His face crumpled in pain. "Sutehiko Hideaki," he managed to whimper.

Ino glanced back at Shikamaru. He shrugged; their prisoner mirrored the motion. "If it's not his real name, it's close enough. There's a Sutehiko family in Hidden Rain that's produced some shinobi. Tie him up."

Ino flipped open her pack and pulled out a length of what only looked like ribbon. Kneeling beside Hideaki, she told him conversationally, "You're lucky that first attack this morning didn't actually kill any of our ninja. Tsunade-sama's in a bad enough mood as it is, but at least you stand a chance of getting back home in less than a dozen pieces this way." She pulled a knot tight around his wrists.

"In Rain," Hideaki said, "we wouldn't let you hide your shame under a mask."

She paused in tying the cords around his legs.

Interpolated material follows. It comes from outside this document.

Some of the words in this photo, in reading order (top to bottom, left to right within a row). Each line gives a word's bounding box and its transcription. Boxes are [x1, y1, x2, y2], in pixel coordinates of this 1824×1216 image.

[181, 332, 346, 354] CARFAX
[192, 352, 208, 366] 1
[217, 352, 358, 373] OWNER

Shikamaru had released his jutsu by now. "What?"

"If a kunoichi lets harm come to herself," he said, "she should live with the consequences. They're not just on your face, are--" He cut off with a small, strangled noise as she slid the bindings down his legs and pulled them brutally tight over his fractured ankles.

"I'll go get Shizune," she said, standing up. "The drugs should be ready now." She turned and, not looking back at the prisoner, walked from the room.

"Aren't you going to redo the bonds?" Hideaki asked Shikamaru after a moment. His voice was a thready whisper. "Make them a little more comfortable?"

Shikamaru stretched idly. "Why should I? If a shinobi insults his captor, he should live with the consequences."
"That could have gone worse," Shikamaru said.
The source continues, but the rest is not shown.